▸ **Exercise directions**:
For this exercise, return the line containing "this 1404×2000 image." and every line after it through the end of the records below, without alteration.

Supplied records section start

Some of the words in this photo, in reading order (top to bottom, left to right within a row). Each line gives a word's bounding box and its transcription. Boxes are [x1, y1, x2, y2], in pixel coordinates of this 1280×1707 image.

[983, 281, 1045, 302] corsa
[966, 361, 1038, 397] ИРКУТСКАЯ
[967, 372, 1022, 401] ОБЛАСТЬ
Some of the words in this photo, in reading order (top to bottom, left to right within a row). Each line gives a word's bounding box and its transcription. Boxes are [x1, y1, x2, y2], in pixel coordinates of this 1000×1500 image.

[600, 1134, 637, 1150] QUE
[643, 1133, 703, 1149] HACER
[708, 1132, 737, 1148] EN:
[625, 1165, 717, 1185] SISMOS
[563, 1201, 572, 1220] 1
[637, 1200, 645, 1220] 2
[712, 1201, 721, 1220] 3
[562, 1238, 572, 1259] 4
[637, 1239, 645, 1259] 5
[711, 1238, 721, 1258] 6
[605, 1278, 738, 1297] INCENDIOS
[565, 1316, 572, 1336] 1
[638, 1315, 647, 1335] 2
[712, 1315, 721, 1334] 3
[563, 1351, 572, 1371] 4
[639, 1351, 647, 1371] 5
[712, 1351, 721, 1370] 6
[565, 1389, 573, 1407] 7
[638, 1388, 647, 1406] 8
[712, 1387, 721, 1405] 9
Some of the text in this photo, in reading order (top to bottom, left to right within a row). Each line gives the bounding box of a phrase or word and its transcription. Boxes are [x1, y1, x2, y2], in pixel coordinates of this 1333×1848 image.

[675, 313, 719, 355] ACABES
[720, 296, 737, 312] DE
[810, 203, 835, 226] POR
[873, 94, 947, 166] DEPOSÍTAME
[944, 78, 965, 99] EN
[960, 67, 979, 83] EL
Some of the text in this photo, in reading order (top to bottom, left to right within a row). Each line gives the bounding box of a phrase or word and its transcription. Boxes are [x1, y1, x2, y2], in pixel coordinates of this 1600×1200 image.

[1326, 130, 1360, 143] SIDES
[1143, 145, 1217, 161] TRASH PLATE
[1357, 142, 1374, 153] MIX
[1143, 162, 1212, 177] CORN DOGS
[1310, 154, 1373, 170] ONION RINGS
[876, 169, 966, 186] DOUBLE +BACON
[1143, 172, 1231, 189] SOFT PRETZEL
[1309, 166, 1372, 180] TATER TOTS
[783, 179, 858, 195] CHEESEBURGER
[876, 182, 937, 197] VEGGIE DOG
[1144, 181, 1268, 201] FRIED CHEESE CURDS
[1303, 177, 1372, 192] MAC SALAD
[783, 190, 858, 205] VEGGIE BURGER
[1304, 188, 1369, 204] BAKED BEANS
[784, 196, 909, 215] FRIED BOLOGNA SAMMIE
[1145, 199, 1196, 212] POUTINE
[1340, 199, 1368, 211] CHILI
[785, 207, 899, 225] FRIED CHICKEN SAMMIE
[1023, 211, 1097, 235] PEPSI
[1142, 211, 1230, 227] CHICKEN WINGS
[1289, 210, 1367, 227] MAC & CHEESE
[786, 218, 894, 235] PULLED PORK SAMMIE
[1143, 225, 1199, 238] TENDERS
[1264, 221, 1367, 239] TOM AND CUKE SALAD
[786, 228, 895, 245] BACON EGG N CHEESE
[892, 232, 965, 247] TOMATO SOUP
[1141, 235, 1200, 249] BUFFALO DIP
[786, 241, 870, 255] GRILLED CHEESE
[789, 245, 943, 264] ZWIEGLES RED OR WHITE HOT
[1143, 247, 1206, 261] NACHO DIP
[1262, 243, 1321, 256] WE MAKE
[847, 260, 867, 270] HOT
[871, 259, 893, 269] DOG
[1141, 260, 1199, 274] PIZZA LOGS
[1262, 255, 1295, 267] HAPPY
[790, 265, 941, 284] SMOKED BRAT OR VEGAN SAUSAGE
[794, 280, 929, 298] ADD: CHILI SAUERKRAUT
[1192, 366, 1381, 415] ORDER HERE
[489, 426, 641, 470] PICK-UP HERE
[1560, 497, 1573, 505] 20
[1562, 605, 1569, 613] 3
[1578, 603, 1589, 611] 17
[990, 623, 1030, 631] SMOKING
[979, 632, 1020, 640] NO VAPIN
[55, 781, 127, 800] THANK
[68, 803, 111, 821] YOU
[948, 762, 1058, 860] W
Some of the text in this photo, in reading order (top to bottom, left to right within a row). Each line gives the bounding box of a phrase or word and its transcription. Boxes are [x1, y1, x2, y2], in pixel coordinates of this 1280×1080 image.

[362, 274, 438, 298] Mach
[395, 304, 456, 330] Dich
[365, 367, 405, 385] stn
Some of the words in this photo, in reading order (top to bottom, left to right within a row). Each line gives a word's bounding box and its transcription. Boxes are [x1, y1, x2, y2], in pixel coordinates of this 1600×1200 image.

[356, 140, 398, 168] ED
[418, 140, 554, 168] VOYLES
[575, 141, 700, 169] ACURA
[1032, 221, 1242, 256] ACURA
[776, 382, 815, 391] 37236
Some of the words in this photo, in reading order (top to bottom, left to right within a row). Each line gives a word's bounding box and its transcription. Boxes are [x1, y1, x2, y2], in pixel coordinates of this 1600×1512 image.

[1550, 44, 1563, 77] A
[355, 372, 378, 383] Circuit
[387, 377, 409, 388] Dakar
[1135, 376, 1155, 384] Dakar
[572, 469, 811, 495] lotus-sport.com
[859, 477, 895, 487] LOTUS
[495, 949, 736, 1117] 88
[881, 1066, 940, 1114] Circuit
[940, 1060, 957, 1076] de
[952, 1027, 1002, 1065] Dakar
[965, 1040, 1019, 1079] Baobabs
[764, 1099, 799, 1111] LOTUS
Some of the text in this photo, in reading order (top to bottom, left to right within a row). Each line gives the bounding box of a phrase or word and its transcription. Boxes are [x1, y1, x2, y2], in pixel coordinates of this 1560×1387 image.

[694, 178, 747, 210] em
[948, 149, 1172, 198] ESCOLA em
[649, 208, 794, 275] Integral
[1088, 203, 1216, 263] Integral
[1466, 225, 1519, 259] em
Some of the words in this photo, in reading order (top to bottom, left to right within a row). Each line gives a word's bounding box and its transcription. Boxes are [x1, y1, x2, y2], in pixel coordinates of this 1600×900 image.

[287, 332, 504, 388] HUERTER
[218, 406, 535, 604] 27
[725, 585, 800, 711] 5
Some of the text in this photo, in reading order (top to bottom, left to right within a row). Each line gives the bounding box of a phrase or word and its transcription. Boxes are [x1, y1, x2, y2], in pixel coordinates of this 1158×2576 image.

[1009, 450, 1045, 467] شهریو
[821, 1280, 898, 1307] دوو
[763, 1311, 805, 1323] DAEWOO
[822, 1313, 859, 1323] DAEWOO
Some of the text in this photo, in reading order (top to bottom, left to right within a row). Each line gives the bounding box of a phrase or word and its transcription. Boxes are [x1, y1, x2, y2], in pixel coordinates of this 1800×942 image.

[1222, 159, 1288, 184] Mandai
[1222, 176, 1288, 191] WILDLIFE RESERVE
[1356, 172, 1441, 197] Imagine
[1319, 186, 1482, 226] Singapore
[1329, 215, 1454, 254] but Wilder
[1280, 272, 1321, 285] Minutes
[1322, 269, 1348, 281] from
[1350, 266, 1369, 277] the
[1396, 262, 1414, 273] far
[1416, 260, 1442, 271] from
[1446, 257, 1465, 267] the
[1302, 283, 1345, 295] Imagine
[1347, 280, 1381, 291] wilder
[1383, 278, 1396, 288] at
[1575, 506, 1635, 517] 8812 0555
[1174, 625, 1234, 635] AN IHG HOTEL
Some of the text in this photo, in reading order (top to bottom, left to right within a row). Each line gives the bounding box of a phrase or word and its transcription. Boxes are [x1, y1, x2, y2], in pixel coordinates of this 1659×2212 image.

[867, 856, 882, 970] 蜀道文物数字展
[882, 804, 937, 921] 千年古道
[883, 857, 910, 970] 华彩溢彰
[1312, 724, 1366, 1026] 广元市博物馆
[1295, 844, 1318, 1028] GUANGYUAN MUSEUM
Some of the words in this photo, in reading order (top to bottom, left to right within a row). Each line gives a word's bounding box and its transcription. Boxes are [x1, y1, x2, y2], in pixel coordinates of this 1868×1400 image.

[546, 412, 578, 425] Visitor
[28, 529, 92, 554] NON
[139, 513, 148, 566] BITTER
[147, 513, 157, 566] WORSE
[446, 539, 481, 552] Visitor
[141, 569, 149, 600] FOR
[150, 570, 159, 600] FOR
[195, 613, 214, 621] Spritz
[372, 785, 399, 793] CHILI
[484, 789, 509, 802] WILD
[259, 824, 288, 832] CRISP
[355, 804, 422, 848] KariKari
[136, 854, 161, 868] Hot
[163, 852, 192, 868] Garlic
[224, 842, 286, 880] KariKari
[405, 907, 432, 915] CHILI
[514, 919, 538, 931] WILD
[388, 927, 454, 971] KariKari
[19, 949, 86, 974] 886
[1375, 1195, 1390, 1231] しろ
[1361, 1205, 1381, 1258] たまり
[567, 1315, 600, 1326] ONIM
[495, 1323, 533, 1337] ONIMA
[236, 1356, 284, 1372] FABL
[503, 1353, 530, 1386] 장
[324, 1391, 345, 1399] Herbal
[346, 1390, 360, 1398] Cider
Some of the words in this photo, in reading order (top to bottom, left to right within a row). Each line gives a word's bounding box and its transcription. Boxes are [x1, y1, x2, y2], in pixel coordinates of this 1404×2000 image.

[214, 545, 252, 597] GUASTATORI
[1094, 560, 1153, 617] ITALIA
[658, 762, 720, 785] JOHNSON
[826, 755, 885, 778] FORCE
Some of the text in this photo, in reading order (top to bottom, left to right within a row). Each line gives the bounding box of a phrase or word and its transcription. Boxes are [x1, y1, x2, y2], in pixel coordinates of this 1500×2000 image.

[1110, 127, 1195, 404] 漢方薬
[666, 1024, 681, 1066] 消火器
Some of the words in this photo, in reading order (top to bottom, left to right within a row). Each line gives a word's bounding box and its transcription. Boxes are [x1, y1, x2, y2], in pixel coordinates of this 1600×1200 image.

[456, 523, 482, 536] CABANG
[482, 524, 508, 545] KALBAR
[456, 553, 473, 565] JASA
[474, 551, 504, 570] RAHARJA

Supplied records section end

▸ **Exercise answer**:
Some of the words in this photo, in reading order (top to bottom, left to right within a row). Each line gives a word's bounding box and its transcription. Boxes are [x1, y1, x2, y2], in pixel coordinates of this 1404×2000 image.

[214, 545, 252, 597] GUASTATORI
[1094, 560, 1153, 617] ITALIA
[658, 762, 720, 785] JOHNSON
[826, 755, 885, 778] FORCE
Some of the text in this photo, in reading order (top to bottom, left to right within a row). Each line gives the bounding box of a phrase or word and its transcription. Boxes are [x1, y1, x2, y2], in pixel coordinates of this 1500×2000 image.

[1110, 127, 1195, 404] 漢方薬
[666, 1024, 681, 1066] 消火器
Some of the words in this photo, in reading order (top to bottom, left to right within a row). Each line gives a word's bounding box and its transcription. Boxes are [x1, y1, x2, y2], in pixel coordinates of this 1600×1200 image.

[456, 523, 482, 536] CABANG
[482, 524, 508, 545] KALBAR
[456, 553, 473, 565] JASA
[474, 551, 504, 570] RAHARJA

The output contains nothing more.